Ce que nous avons appris, au siècle passé, c'est que, de même que l'on a raison de se révolter : on a raison d'interdire. Notre difficulté, c'est d'avoir compris les deux en même temps. Notre responsabilité, de nous y tenir. Veut-on revenir là-dessus et pouvoir, demain, sans danger, se la jouer à la Céline, genre : "Bouffer du Juif ça suffit pas, je le dis bien, ça tourne en rond, en rigolade, une façon de battre du tambour si on saisit pas leurs ficelles, qu'on les étrangle avec. Voilà le travail, voilà l'homme. Tout le reste c'est du rabâchis..." De la "littérature" ça aussi...
Proclamer l'absolue liberté d'écrire et de publier comme une idole devant laquelle tout genou devrait fléchir, c'est proclamer aussi la liberté de ça. Je n'en suis pas. L'honneur de la littérature, c'est d'au moins marcher à son risque. De savoir qu'elle est la responsabilité elle-même (Sartre : l'écrivain "est, une fois pour toutes, responsable de la liberté humaine"). Tout le reste en découlant.
Michel Séonnet.

contribution de Dominique Dussidour (dimanche 15 sept)

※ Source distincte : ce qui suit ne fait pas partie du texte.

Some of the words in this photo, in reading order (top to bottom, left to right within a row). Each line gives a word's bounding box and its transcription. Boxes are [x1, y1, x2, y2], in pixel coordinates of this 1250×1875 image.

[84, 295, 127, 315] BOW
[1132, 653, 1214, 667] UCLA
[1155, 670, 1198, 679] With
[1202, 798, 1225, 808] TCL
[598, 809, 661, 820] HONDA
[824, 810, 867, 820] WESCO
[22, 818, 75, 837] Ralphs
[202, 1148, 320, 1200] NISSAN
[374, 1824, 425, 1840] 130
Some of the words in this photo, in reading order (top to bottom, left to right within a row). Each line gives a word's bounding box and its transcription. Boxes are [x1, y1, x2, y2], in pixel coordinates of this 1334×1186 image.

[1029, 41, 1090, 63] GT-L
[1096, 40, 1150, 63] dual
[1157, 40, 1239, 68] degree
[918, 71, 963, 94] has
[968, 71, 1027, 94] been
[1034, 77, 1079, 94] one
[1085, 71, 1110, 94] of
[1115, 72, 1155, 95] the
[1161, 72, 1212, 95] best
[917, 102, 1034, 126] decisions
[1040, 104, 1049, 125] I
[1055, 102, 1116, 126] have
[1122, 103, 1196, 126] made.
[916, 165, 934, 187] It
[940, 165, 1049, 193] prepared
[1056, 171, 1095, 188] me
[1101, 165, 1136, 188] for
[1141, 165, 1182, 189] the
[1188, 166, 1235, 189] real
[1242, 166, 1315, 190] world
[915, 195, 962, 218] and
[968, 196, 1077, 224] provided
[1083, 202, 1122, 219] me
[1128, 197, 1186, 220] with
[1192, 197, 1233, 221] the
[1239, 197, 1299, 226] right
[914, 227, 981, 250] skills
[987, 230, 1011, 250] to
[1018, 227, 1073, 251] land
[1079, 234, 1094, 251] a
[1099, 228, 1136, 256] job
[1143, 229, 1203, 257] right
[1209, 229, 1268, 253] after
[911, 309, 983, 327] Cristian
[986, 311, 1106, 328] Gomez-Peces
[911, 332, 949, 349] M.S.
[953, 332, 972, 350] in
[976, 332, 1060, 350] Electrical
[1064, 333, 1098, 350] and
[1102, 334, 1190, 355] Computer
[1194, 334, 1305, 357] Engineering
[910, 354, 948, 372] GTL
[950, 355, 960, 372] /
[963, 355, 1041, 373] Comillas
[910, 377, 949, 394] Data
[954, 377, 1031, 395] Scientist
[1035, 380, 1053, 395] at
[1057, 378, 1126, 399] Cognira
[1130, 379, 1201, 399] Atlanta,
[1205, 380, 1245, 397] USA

Ce qui est en jeu, me semble-t-il, c'est (à nouveau) : qu'est-ce que la littérature ?
En effet, on voit mal pour quelle raison, seulement parce qu'il y aura peut-être censure, se trouvent placés dans le même «panier» littéraire Pierre Guyotat, Jean Genet, Bernard Noël et les autres écrivains cités dans la lettre des trois éditeurs (ne restons pas, par pitié, franco-français et n'oublions pas Salman Rushdie qui, lui, risque non pas la survie de ses livres mais sa propre survie, physique, au sens immédiat) et «l'ouvrage en question» (celui de Nicolas Jones-Gorlin) à l'origine de leur protestation. Quant à Michel Houellebecq, c'est pour des propos tenus lors d'un entretien dans un magazine qu'il est poursuivi, non pour un de ses livres.
La situation est donc celle-ci : doit-on (comme le pratiquait Jérôme Lindon) défendre tout ouvrage contre quoi s'abat la censure, qu'elle vienne de l'Etat ou d'une association, qu'elle soit morale ou économique ?
Ou ne défendra-t-on que « la littérature » ?
La question devient alors celle-ci : quand y a-t-il littérature ?
Ce n'est bien sûr pas une question de thème ou de sujet. Lisant récemment La vie sexuelle de Catherine M. - j'étais très curieuse, j'aurais été très intéressée de lire un bon texte sur ce sujet -, il m'est tombé des mains au premier tiers tellement il était mal écrit, content de lui (littérairement immoral), pas malsain, non, pas du tout, mais sans enjeu : l'auteur n'y risquait rien. Peut-être avait-elle risqué quelque chose d'elle à travers ces pratiques sexuelles, je ne le conteste pas, mais dans ce texte, rien. Je me demande aujourd'hui : si ce livre avait été censuré l'aurais-je défendu ? Non.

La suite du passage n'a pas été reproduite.